Building the Sample Code
To build the sample code, cd into the base directory that contains build.xml and run "ant dist". This will compile the source files and put everything needed into a directory called dist/.
Integrating with EC2
To get an AMI to automatically start the Job Processor, the following commands must be present at the end of /etc/rc.local:
export JAVA_HOME=/usr/java/latest
export JOB_PROCESSOR_HOME=/job_processor
$JOB_PROCESSOR_HOME/bin/parse-user-data-and-start-job-processing $JOB_PROCESSOR_HOME &> /tmp/job_processor.log
which assumes that /job_processor is the location of the pre-built application.
Parameterizing Launches with EC2
In order to build a general-purpose AMI that can support any user, queue names, poll rate, etc., information is passed via instance configuration specified at launch.
The parsing of these parameters is handled in the /job_processor/bin/parse-user-data-and-start-job-processing Ruby script. See that file for more details.

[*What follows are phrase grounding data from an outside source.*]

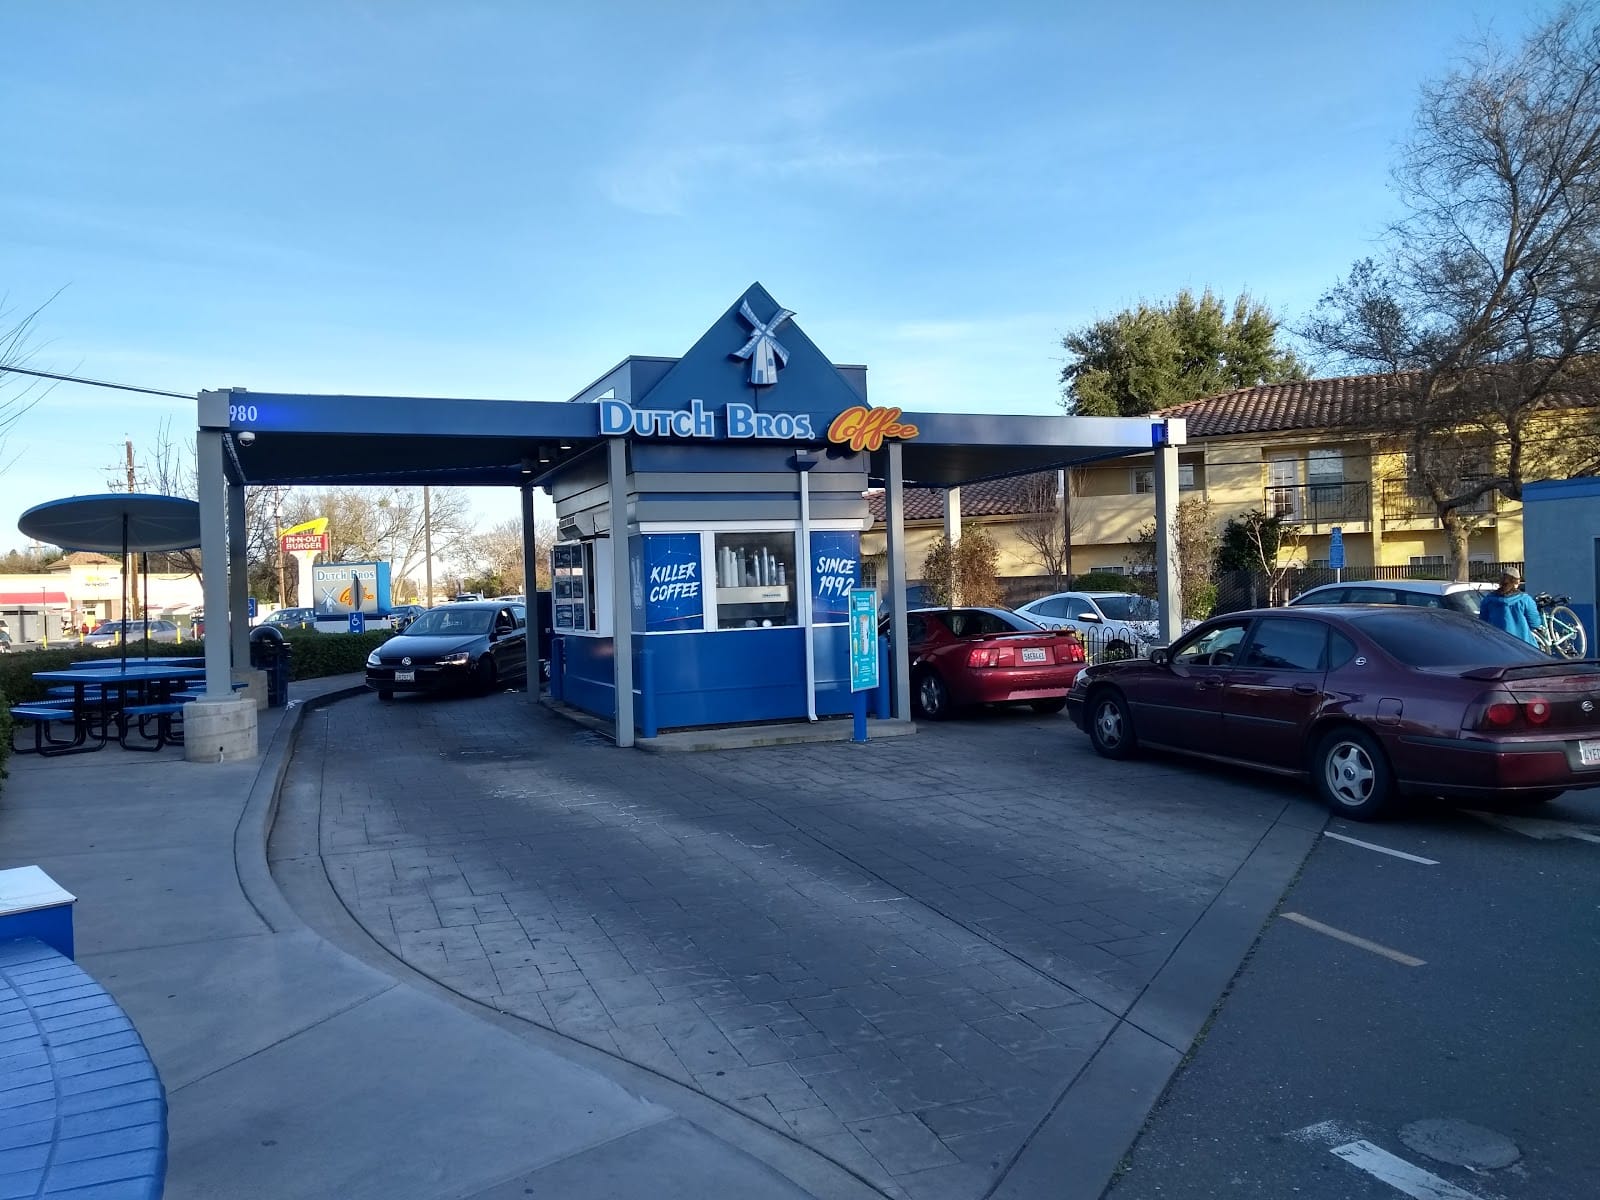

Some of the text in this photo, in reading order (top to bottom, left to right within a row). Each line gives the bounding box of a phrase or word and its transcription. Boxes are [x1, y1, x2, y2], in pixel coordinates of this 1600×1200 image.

[229, 405, 258, 421] 980
[828, 406, 920, 451] Coffee
[286, 535, 322, 543] IN-N-OUT
[286, 542, 322, 550] BURGER
[650, 562, 697, 583] KILLER
[816, 556, 857, 574] SINCE
[649, 582, 701, 602] COFFEE
[818, 575, 855, 597] 1992

To launch with your own parameters using the EC2 command line tools, provide them using the -d argument to ec2-run-instances. The parameters are specified as a comma-delimited string of key-value pairs:
| Property | Parameter Name | Default Value |
| AWS Access Key ID | access_key_id | You must specify |
| AWS Secret Access Key | secret_access_key | You must specify |
| Job backlog queue name | job_backlog_queue_name | SQS-EC2-Queue-Todo |
| Job results queue name | results_queue_name | SQS-EC2-Queue-Results |
| Dead letter queue name | dead_letter_queue_name | SQS-EC2-Queue-Dead-letter |
| Poll rate per minute | poll_rate_per_min | 600 |
| Expected job execution time in seconds | expected_job_execution_time_in_secs | 30 |
| Job failure retries | job_failure_retries | 1 |
| Job executor | job_executor | com.amazonaws.jobprocessor.executors.ReverseSpacelessString |
For example, to launch with a poll rate of once per second:
ec2-run-instances <AMI ID> -k gsg-keypair -d "access_key_id=<Access Key ID>,secret_access_key=<Secret Access Key>,poll_rate_per_min=60"
Using Your Own Job Processing Logic
You can use your own job processing logic by implementing the com.amazonaws.jobprocessor.JobExecutor interface and writing your own logic in the execute method. Then compile your class into a jar, place it in /job_processor/lib, build the AMI, and launch with the job_executor parameter set to your class's fully-qualified name.